Items listed in a dataset
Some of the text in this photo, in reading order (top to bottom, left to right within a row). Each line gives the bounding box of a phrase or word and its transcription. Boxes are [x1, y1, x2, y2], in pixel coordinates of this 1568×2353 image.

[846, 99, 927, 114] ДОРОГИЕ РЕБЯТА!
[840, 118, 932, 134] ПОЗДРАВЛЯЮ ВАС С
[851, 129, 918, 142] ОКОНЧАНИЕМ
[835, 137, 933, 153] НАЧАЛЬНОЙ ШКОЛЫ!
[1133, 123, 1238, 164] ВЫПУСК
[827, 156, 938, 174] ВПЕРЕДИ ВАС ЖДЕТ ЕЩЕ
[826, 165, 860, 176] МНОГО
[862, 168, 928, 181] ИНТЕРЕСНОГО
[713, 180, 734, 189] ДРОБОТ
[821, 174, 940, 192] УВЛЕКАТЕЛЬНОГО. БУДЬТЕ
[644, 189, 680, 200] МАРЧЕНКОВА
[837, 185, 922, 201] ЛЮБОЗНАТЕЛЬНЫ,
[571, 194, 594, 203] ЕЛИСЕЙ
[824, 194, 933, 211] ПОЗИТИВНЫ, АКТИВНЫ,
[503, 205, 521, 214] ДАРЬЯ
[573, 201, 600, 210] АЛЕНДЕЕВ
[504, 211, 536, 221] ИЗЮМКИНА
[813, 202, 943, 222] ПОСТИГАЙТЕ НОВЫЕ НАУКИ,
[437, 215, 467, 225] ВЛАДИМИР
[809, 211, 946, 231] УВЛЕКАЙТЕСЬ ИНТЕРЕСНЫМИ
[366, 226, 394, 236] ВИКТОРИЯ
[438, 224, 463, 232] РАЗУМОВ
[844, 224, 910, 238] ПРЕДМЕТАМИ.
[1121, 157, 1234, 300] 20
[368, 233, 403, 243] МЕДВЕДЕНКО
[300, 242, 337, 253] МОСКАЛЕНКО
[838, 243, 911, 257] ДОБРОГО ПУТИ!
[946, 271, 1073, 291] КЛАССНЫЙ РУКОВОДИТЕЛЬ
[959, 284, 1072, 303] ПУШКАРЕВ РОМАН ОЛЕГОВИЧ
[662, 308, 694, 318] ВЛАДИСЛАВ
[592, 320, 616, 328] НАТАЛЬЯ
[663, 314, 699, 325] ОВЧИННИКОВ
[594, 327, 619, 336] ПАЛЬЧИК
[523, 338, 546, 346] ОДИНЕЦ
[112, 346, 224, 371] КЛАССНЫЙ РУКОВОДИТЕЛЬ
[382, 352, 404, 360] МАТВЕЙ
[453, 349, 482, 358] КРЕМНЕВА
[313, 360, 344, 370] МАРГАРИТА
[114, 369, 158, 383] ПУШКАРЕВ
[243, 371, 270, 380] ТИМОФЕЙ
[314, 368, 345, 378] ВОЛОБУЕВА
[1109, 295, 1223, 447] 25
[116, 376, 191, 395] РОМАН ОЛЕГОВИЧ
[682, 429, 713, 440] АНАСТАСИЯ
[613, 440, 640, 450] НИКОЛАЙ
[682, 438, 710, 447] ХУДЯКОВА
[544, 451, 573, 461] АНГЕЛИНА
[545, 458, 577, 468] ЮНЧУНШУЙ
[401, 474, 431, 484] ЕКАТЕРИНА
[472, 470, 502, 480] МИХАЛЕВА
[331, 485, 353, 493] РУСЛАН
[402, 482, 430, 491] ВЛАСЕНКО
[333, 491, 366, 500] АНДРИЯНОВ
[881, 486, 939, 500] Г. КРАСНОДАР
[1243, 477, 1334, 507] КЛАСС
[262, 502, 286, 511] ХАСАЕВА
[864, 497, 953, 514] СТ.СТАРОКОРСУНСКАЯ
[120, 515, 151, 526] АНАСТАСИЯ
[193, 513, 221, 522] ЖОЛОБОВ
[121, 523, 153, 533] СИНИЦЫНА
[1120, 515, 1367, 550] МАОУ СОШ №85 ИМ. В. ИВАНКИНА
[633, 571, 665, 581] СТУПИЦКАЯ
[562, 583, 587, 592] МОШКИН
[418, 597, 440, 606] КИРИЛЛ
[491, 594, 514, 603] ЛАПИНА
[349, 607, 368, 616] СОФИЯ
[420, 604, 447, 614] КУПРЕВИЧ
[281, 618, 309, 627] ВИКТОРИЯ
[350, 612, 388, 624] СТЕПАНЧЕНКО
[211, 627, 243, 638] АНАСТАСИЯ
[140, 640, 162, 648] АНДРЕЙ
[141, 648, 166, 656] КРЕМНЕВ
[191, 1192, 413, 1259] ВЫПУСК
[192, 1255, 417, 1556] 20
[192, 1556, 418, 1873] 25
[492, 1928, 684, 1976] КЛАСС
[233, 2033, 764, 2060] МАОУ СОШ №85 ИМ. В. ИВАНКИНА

What to produce
Every line above must be repeated exactly as it appears.

Result of the task
Some of the text in this photo, in reading order (top to bottom, left to right within a row). Each line gives the bounding box of a phrase or word and its transcription. Boxes are [x1, y1, x2, y2], in pixel coordinates of this 1568×2353 image.

[846, 99, 927, 114] ДОРОГИЕ РЕБЯТА!
[840, 118, 932, 134] ПОЗДРАВЛЯЮ ВАС С
[851, 129, 918, 142] ОКОНЧАНИЕМ
[835, 137, 933, 153] НАЧАЛЬНОЙ ШКОЛЫ!
[1133, 123, 1238, 164] ВЫПУСК
[827, 156, 938, 174] ВПЕРЕДИ ВАС ЖДЕТ ЕЩЕ
[826, 165, 860, 176] МНОГО
[862, 168, 928, 181] ИНТЕРЕСНОГО
[713, 180, 734, 189] ДРОБОТ
[821, 174, 940, 192] УВЛЕКАТЕЛЬНОГО. БУДЬТЕ
[644, 189, 680, 200] МАРЧЕНКОВА
[837, 185, 922, 201] ЛЮБОЗНАТЕЛЬНЫ,
[571, 194, 594, 203] ЕЛИСЕЙ
[824, 194, 933, 211] ПОЗИТИВНЫ, АКТИВНЫ,
[503, 205, 521, 214] ДАРЬЯ
[573, 201, 600, 210] АЛЕНДЕЕВ
[504, 211, 536, 221] ИЗЮМКИНА
[813, 202, 943, 222] ПОСТИГАЙТЕ НОВЫЕ НАУКИ,
[437, 215, 467, 225] ВЛАДИМИР
[809, 211, 946, 231] УВЛЕКАЙТЕСЬ ИНТЕРЕСНЫМИ
[366, 226, 394, 236] ВИКТОРИЯ
[438, 224, 463, 232] РАЗУМОВ
[844, 224, 910, 238] ПРЕДМЕТАМИ.
[1121, 157, 1234, 300] 20
[368, 233, 403, 243] МЕДВЕДЕНКО
[300, 242, 337, 253] МОСКАЛЕНКО
[838, 243, 911, 257] ДОБРОГО ПУТИ!
[946, 271, 1073, 291] КЛАССНЫЙ РУКОВОДИТЕЛЬ
[959, 284, 1072, 303] ПУШКАРЕВ РОМАН ОЛЕГОВИЧ
[662, 308, 694, 318] ВЛАДИСЛАВ
[592, 320, 616, 328] НАТАЛЬЯ
[663, 314, 699, 325] ОВЧИННИКОВ
[594, 327, 619, 336] ПАЛЬЧИК
[523, 338, 546, 346] ОДИНЕЦ
[112, 346, 224, 371] КЛАССНЫЙ РУКОВОДИТЕЛЬ
[382, 352, 404, 360] МАТВЕЙ
[453, 349, 482, 358] КРЕМНЕВА
[313, 360, 344, 370] МАРГАРИТА
[114, 369, 158, 383] ПУШКАРЕВ
[243, 371, 270, 380] ТИМОФЕЙ
[314, 368, 345, 378] ВОЛОБУЕВА
[1109, 295, 1223, 447] 25
[116, 376, 191, 395] РОМАН ОЛЕГОВИЧ
[682, 429, 713, 440] АНАСТАСИЯ
[613, 440, 640, 450] НИКОЛАЙ
[682, 438, 710, 447] ХУДЯКОВА
[544, 451, 573, 461] АНГЕЛИНА
[545, 458, 577, 468] ЮНЧУНШУЙ
[401, 474, 431, 484] ЕКАТЕРИНА
[472, 470, 502, 480] МИХАЛЕВА
[331, 485, 353, 493] РУСЛАН
[402, 482, 430, 491] ВЛАСЕНКО
[333, 491, 366, 500] АНДРИЯНОВ
[881, 486, 939, 500] Г. КРАСНОДАР
[1243, 477, 1334, 507] КЛАСС
[262, 502, 286, 511] ХАСАЕВА
[864, 497, 953, 514] СТ.СТАРОКОРСУНСКАЯ
[120, 515, 151, 526] АНАСТАСИЯ
[193, 513, 221, 522] ЖОЛОБОВ
[121, 523, 153, 533] СИНИЦЫНА
[1120, 515, 1367, 550] МАОУ СОШ №85 ИМ. В. ИВАНКИНА
[633, 571, 665, 581] СТУПИЦКАЯ
[562, 583, 587, 592] МОШКИН
[418, 597, 440, 606] КИРИЛЛ
[491, 594, 514, 603] ЛАПИНА
[349, 607, 368, 616] СОФИЯ
[420, 604, 447, 614] КУПРЕВИЧ
[281, 618, 309, 627] ВИКТОРИЯ
[350, 612, 388, 624] СТЕПАНЧЕНКО
[211, 627, 243, 638] АНАСТАСИЯ
[140, 640, 162, 648] АНДРЕЙ
[141, 648, 166, 656] КРЕМНЕВ
[191, 1192, 413, 1259] ВЫПУСК
[192, 1255, 417, 1556] 20
[192, 1556, 418, 1873] 25
[492, 1928, 684, 1976] КЛАСС
[233, 2033, 764, 2060] МАОУ СОШ №85 ИМ. В. ИВАНКИНА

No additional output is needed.